SGLT2i may lead to glucose deficiency in patients with type 2 diabetes, and may induce elevation of fatty acid (FA) oxidation which increases the production of ketone bodies in liver (10). SGLT2i promote glucagon secretion which may be also associated with elevation of hepatic ketone bodies production (11). I believe that an increased formation of ketone bodies by SGLT2i may be associated with prevention of heart failure (12). Ferrannini et al. hypothesized that under a persistent hyperketonemia by SGLT2i, the heart uses ketone bodies rather than FA, and this fuel shift ameliorates cardiac work efficiency at the mitochondrial level as a “Thrifty Substrate Hypothesis” (13). Mudaliar et al. proposed a “Unifying Hypothesis” as cardio-renal protective effects of SGLT2i (14). Briefly, hearts and kidneys of diabetic patients cannot efficiently use FA or glucose as fuel, but can use an energy-efficient super fuel such as ketone bodies, and the energy source shift from FA/glucose to ketone bodies may improve cardiac and renal function (14).

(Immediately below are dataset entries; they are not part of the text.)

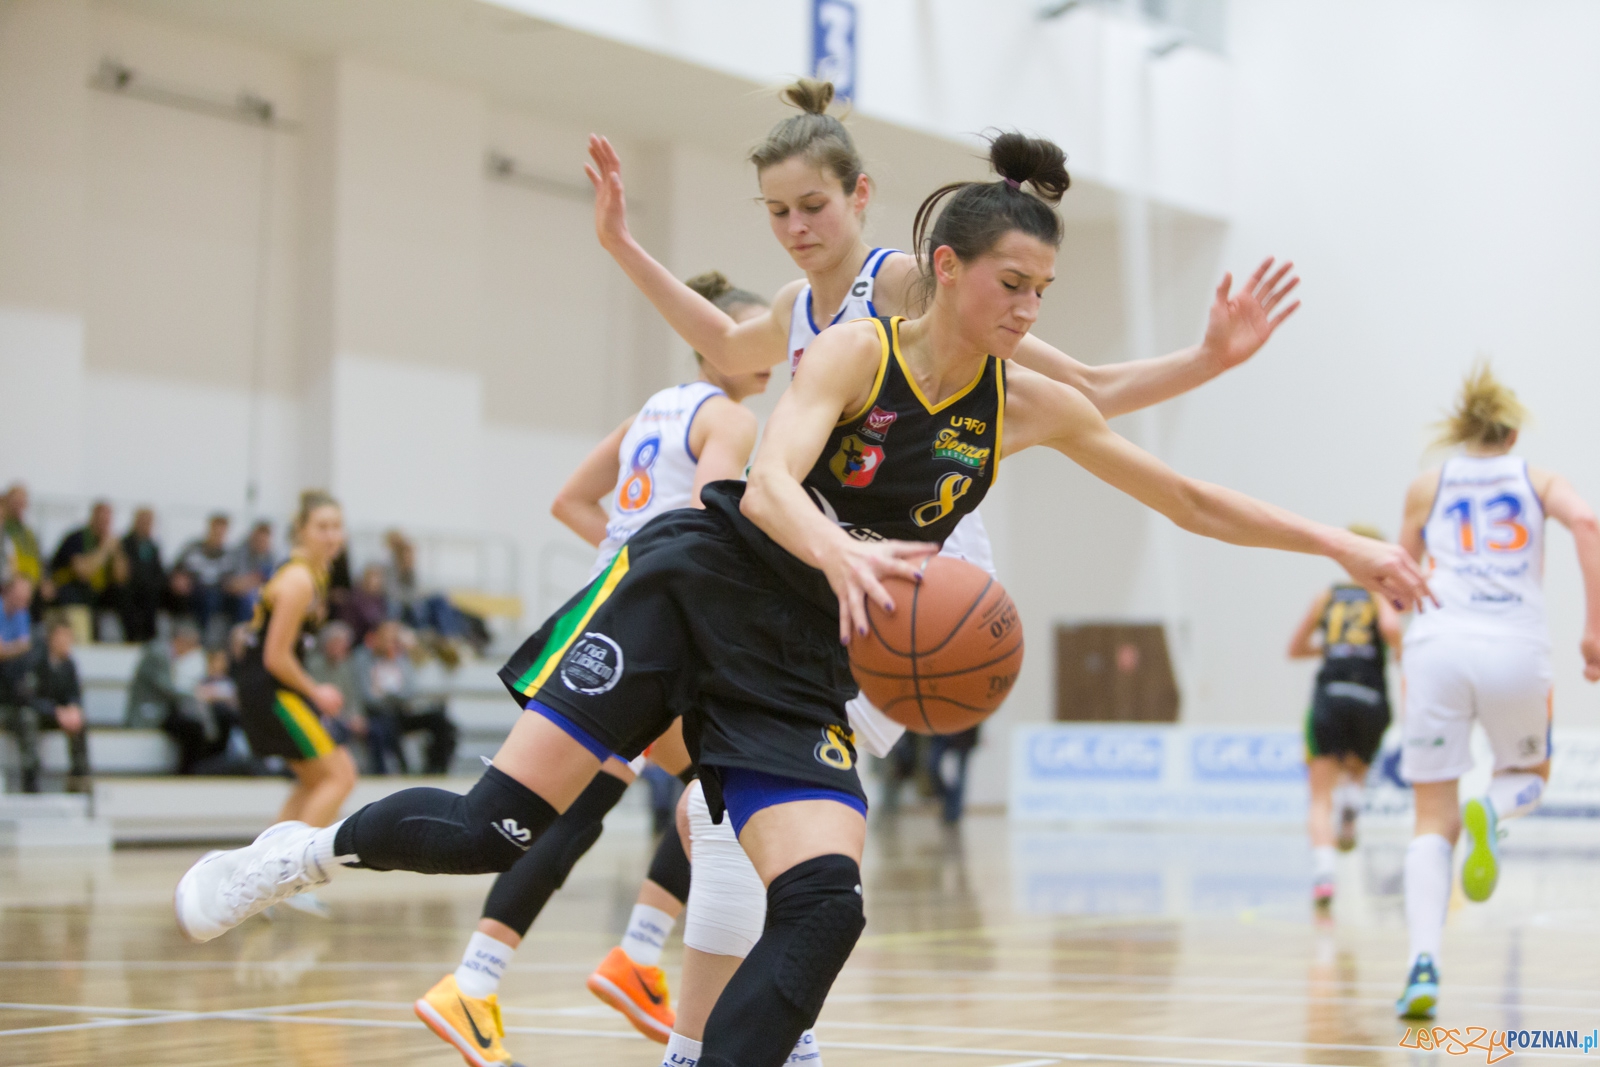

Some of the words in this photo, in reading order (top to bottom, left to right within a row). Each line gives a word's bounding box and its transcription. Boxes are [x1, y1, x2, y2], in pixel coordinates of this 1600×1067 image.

[851, 281, 869, 298] C
[616, 434, 661, 512] 8
[910, 472, 972, 527] 8
[1444, 492, 1530, 553] 13
[1328, 601, 1373, 644] 12

Both EMPA-REG OUTCOME trial and CANVAS program showed that SGLT2i significantly improve renal function, which may be due to reduced blood pressure and intra-glomerular pressure, utilization of ketone bodies, a decrease of proximal tubules overload, the improvement in tubulointerstitial hypoxia and an increase of erythropoietin (5,9,15,16). The improvement of renal function may also ameliorate cardiac function through cardio-renal association.
Diuretics such as loop diuretics are used to treat heart failure. However, observational studies have indicated that diuretics may be harmful in heart failure, and may be also associated with worsening renal function (17). SGLT2i may treat heart failure without worsening renal function, but with improving renal function. In healthy humans, ketone body (3-hydroxybutyrate) has been shown to decrease myocardial glucose uptake and to elevate myocardial blood flow, suggesting that ketone bodies are crucial fuels for heart and ketone bodies work as vasodilators. This proposes potentials of ketone bodies for the treatment of heart failure (18), supporting the usefulness of SGLT2i for treatment of heart failure.
In summary, the CVD-REAL study (6) showed a significant contribution of SGLT2i to a risk reduction in hospitalization for heart failure and all-cause death, and also proved that the benefits seen with empagliflozin in the EMPA-REG OUTCOME trial may be a class effect. The CVD-REAL study also gave us the chance to think about the underlying-mechanisms of development of heart failure in patients with type 2 diabetes. Reduced blood pressure may continuously prevent development of heart failure. In an early phase after the start of SGLT2i, osmotic diuresis may play a crucial role in preventing heart failure. After that, utilization of ketone bodies by failing heart/kidney may contribute to prevention of heart failure, and in the relatively late phase after the start of SGLT2i, a favorable cardio-renal association due to renoprotective effects of SGLT2i may be associated with prevention of heart failure. I believe that SGLT2i can contribute to effective and safe treatment for heart failure in a broad population of patients with type 2 diabetes.
Conflicts of Interest: The author has no conflicts of interest to declare.